Vacuum glazings could change the way high-performance windows are manufactured and lower their costs if Guardian Industries’ research efforts prove themselves out. Double-pane, vacuum-sealed glass units with low-E coatings could achieve R-10 or better, and perform at levels now only attained by triple-pane, low-E glazings that rely on sophisticated gas fillers for much of their performance.

"This could be a more cost-effective solution that would provide equal performance with a lower profile [thinner] glazing," says Andy Russo, market development manager at Guardian’s Science and Technology Center.

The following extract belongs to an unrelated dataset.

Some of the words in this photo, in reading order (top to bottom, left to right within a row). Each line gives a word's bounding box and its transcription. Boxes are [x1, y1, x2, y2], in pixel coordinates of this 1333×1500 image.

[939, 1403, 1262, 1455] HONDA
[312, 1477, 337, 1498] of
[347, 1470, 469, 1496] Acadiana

The glass panes in Guardian’s vacuum-insulated glass (VIG) are supported by permanent spacers, called pillars, that hold the panes apart after the space has been evacuated. The vacuum greatly reduces conductive and convective heat loss from the glazing unit; a low-E coating reduces radiative losses.

But creating and holding a vacuum presents manufacturing challenges that are the focus of Guardian’s R&D. "When you pull a vacuum, you have to achieve a balance in putting it all together," Russo says. "You need enough pillars to support the glass, but the more there are increases conductive heat loss. What will distinguish VIGs will be how they are cut and assembled, and how the manufacturer pulls the vacuum and bonds the edges."

Guardian has been working on its approach for a few years and may introduce its first VIGs by late 2009 or early 2010, but certainly well in advance of 2012 Department of Energy performance standards.